Using a new AI model developed in-house, ElevenLabs says that its tools are now capable of automatically identifying languages including Korean, Dutch and Vietnamese and generating “emotionally rich” speech in those languages.
In combination with the new model, ElevenLabs customers can leverage the platform’s voice cloning tool to speak across the almost 30 languages without first having to type text.
“ElevenLabs was started with the dream of making all content universally accessible in any language and in any voice,” ElevenLabs CEO and co-cofounder Mati Staniszewski said in a statement. “With this release, we’re one step closer to making this dream a reality and making human-quality AI voices available in every dialect. Our text-to-speech generation tools help level the playing field and bring top quality spoken audio capabilities to all the creators out there.”
Founded by Staniszewski, who previously worked at Palantir, and his childhood friend Piotr Dabkowski, an ex-Google employee, ElevenLabs has made headlines over the past few months for reasons both good and abhorrent. Inspired by the mediocre dubbing of American movies Staniszewski and Dabkowski watched growing up in Poland, the pair set about designing a platform that could do better — employing AI of course.
ElevenLabs launched in beta in late January, and picked up steam rather quickly — owing to the high quality of its generated voices and generous free tier. But as alluded to earlier, the publicity hasn’t been consistently positive — particularly once bad actors exploited the platform for their own ends.
The infamous message board 4chan, known for its conspiratorial content, used ElevenLabs’ tools to share hateful messages mimicking celebrities like actor Emma Watson. Elsewhere, The Verge’s James Vincent was able to tap ElevenLabs to clone targets’ voices in a matter of seconds, generating audio samples containing everything from threats of violence to expressions of racism and transphobia.
In response, ElevenLabs said that it would introduce a set of new safeguards, like limiting voice cloning to paid accounts and providing a new AI detection tool.
ElevenLabs has yet to grapple with the other controversy brewing around its platform and other platforms like it, though: their threat to the voice acting industry.
Motherboard writes about how voice actors are increasingly being asked to sign away rights to their voices so that clients can use AI to generate synthetic versions that could eventually replace them.

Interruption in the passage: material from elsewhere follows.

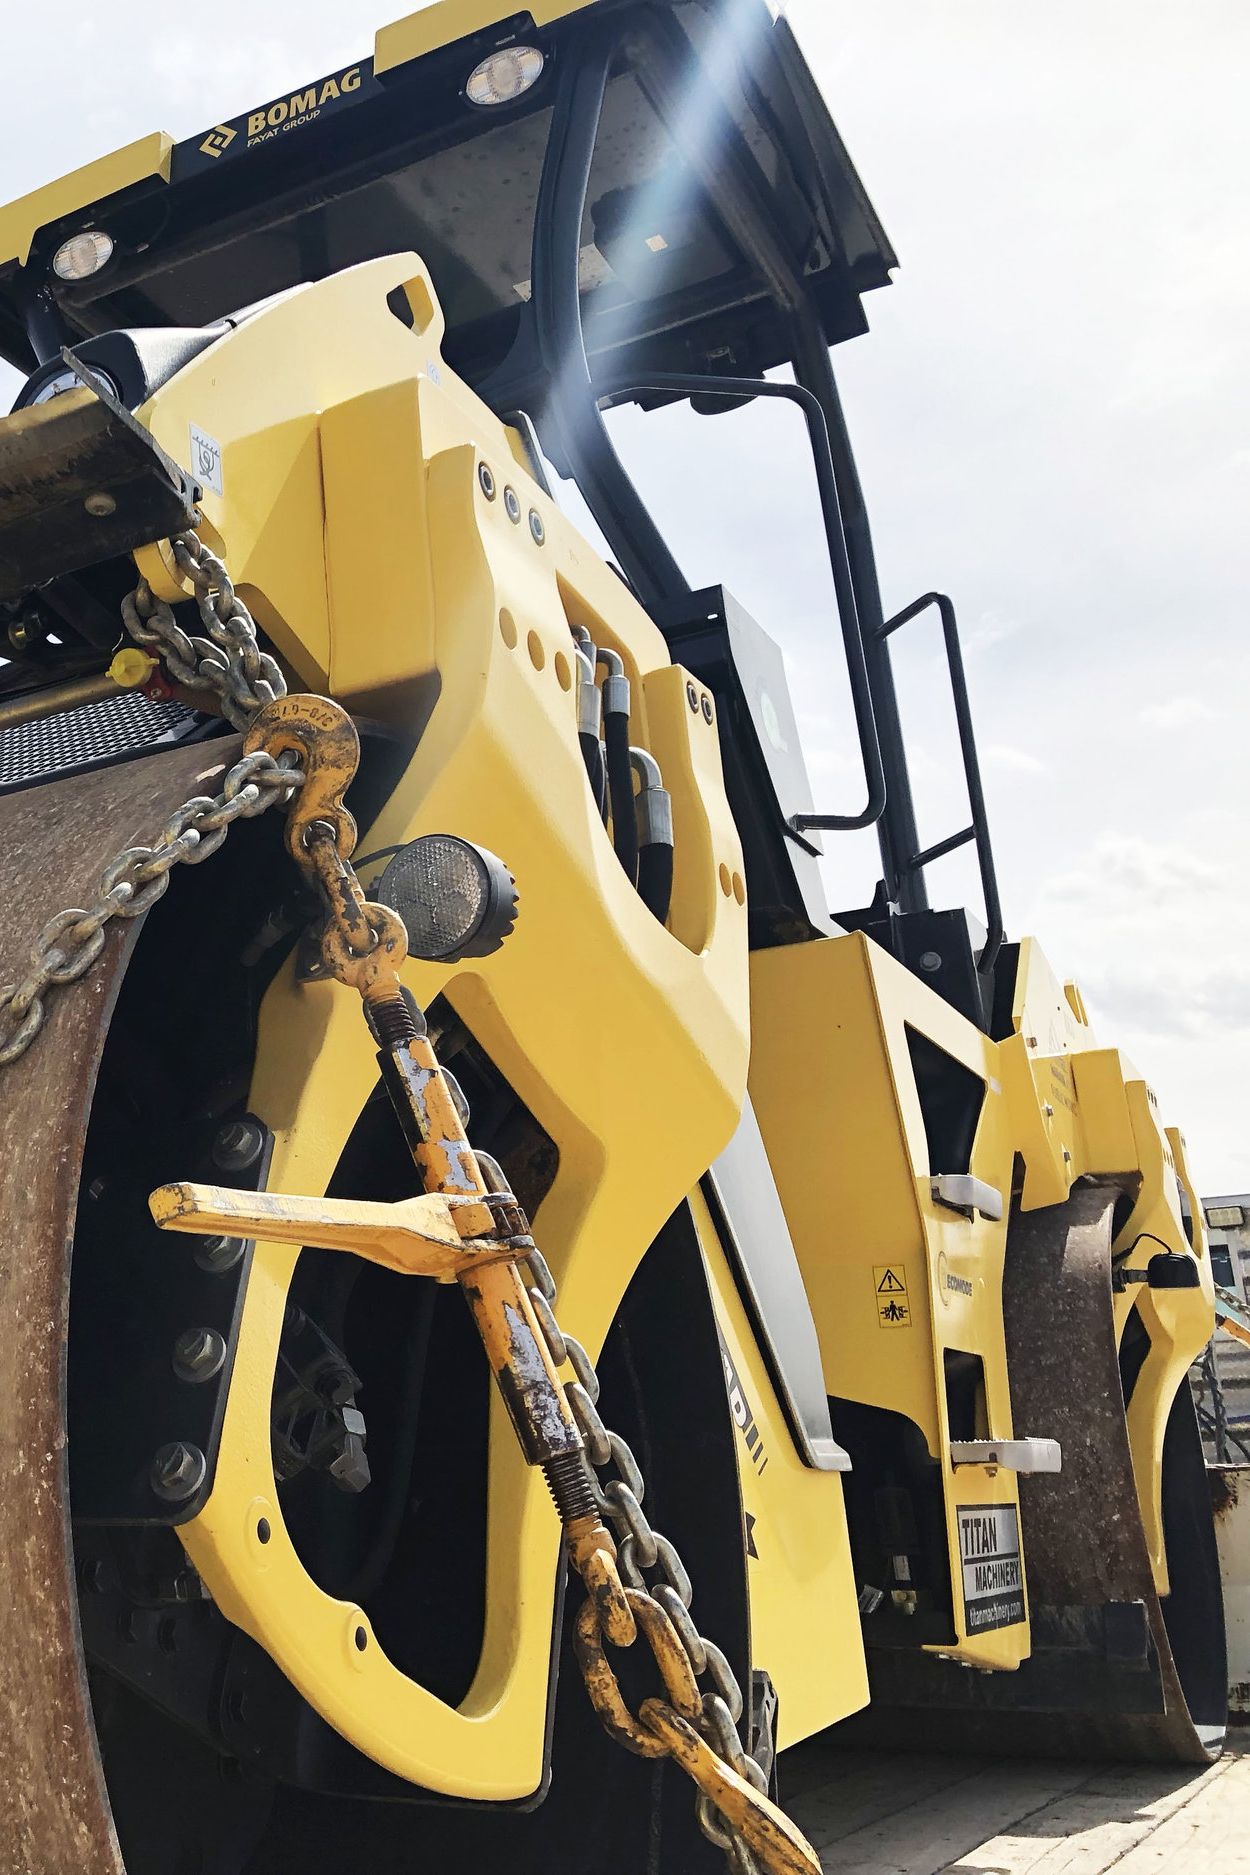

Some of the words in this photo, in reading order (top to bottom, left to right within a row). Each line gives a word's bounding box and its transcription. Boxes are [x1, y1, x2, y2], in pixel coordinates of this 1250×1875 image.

Meanwhile, internal emails seen by The New York Times indicate that Activision Blizzard, one of the biggest game publishers in the world, is working on tools for AI-assisted “voice cloning.”

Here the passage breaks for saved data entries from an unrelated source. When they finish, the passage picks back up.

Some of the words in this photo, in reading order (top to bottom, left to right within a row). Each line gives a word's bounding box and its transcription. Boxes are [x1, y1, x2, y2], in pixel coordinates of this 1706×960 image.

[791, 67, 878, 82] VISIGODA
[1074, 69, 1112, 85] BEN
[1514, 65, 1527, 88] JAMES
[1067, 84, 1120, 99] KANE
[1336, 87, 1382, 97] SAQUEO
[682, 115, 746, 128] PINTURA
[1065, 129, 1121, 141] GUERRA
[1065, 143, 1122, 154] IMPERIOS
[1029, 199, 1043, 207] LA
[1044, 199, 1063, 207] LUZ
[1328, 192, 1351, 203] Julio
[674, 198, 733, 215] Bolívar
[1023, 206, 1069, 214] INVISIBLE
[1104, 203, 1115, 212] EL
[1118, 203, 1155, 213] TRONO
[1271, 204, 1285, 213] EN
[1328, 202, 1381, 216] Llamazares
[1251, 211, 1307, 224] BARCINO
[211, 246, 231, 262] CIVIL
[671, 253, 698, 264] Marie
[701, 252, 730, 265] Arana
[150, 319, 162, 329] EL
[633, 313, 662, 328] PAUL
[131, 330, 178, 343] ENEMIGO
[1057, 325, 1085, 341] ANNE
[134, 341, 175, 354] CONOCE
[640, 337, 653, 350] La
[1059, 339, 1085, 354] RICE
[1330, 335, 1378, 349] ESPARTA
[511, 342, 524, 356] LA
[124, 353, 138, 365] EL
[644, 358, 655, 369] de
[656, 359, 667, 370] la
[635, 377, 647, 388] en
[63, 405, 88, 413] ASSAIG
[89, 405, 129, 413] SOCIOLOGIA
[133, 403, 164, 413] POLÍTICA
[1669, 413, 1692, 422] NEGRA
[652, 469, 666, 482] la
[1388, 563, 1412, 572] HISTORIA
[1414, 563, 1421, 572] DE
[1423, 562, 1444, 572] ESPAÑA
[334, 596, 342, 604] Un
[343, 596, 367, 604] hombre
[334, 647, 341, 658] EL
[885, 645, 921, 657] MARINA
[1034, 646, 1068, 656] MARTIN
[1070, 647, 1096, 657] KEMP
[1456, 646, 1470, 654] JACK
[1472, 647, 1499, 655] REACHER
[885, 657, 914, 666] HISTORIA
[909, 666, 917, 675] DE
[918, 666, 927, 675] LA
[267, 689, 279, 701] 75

It would appear that ElevenLabs sees this as the natural progression of things, touting its work with publishers like Storytel; media platforms like TheSoul Publishing and MNTN for audiobooks and radio content; and publishers like Embark Studios and Paradox Interactive for video games, (Storytel and TheSoul Publishing are strategic investors.) The company claims that it has over a million registered users across the creative, entertainment and publishing spaces who’ve created ten years’ worth of audio content.

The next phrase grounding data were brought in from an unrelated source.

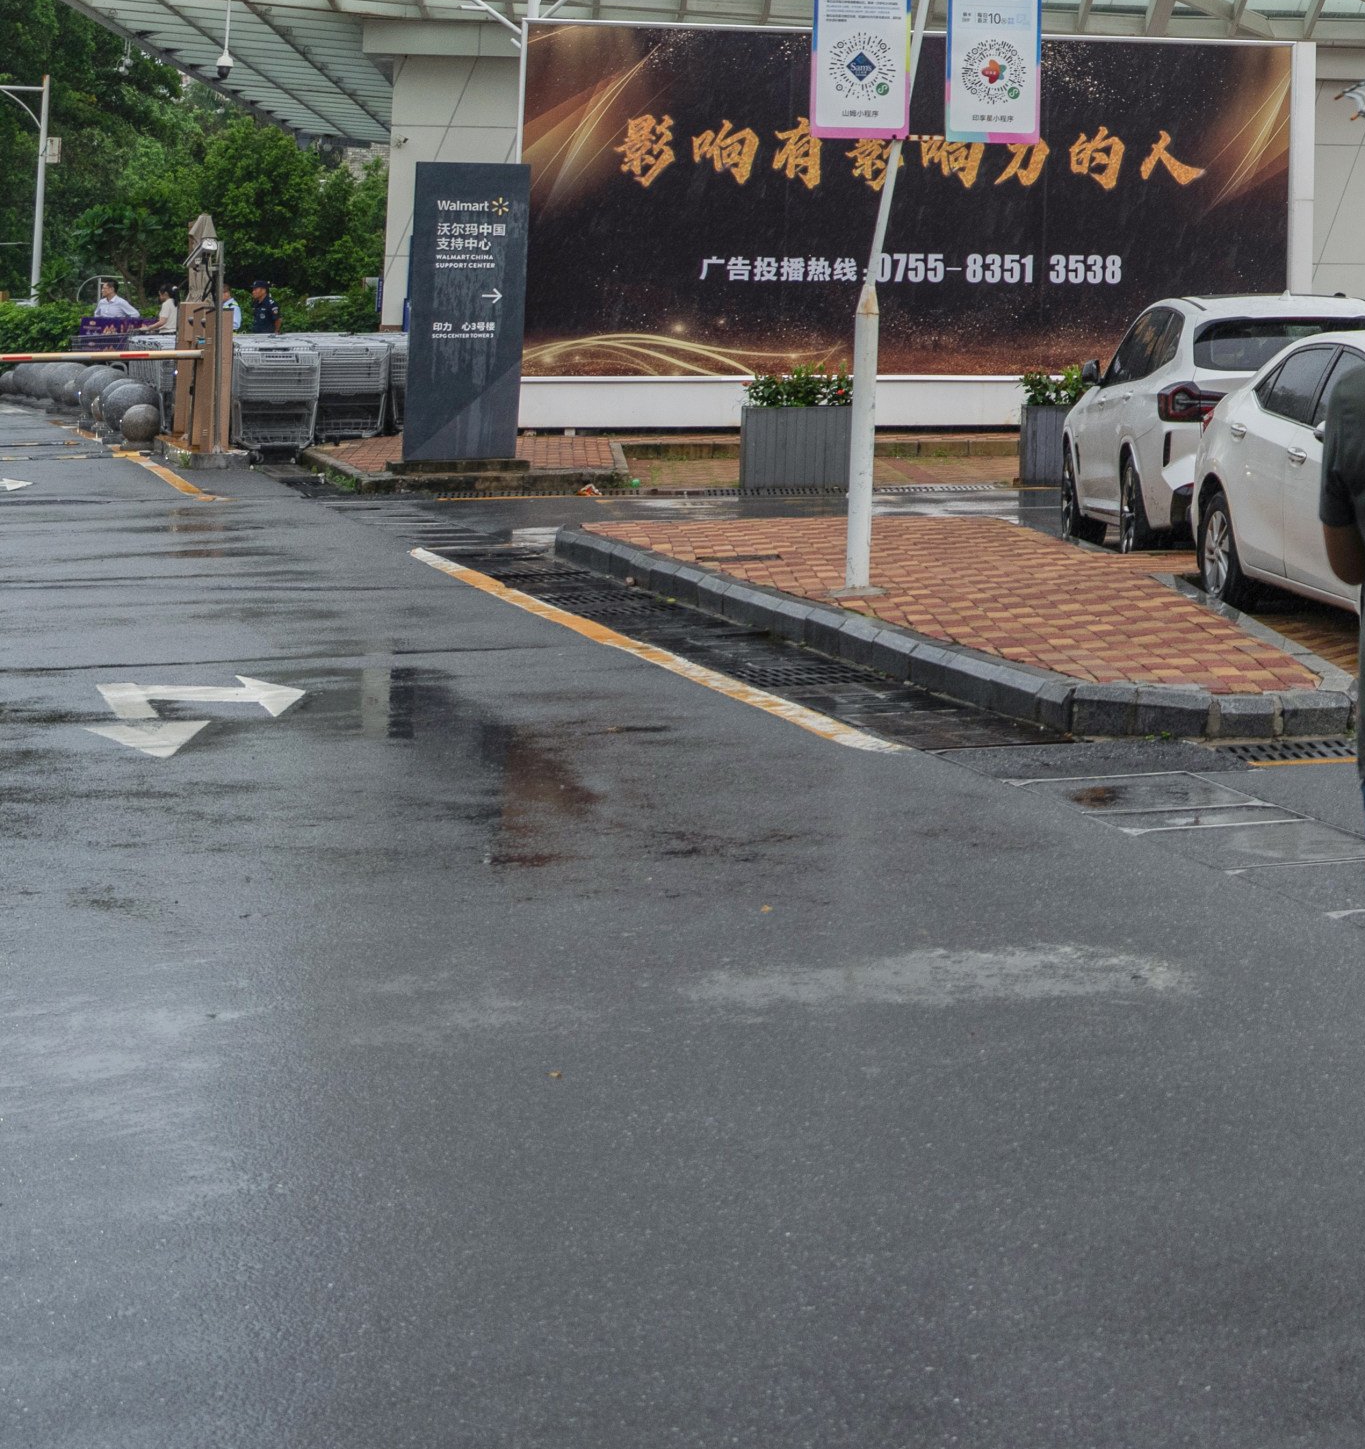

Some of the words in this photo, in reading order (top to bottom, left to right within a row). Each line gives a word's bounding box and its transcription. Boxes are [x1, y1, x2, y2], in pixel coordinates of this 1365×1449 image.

[842, 110, 879, 118] 山姆小程序
[437, 200, 490, 212] Walmart
[437, 222, 506, 236] 沃尔玛中国
[436, 237, 491, 250] 支持中心
[1049, 255, 1123, 284] 3538

ElevenLabs, which recently raised $19 million from investors including Andreessen Horowitz and DeepMind co-founder Mustafa Suleyman at a $99 valuation, plans to eventually extend its AI models to voice dubbing — following in the footsteps of startups like Papercup and Deepdub and building what it calls “a foundation to be able to transfer emotions and intonation from one language to another.”
Beyond this, ElevenLabs says it plans to introduce a mechanism that’ll allow users to share voices on the platform, although the details remain hazy.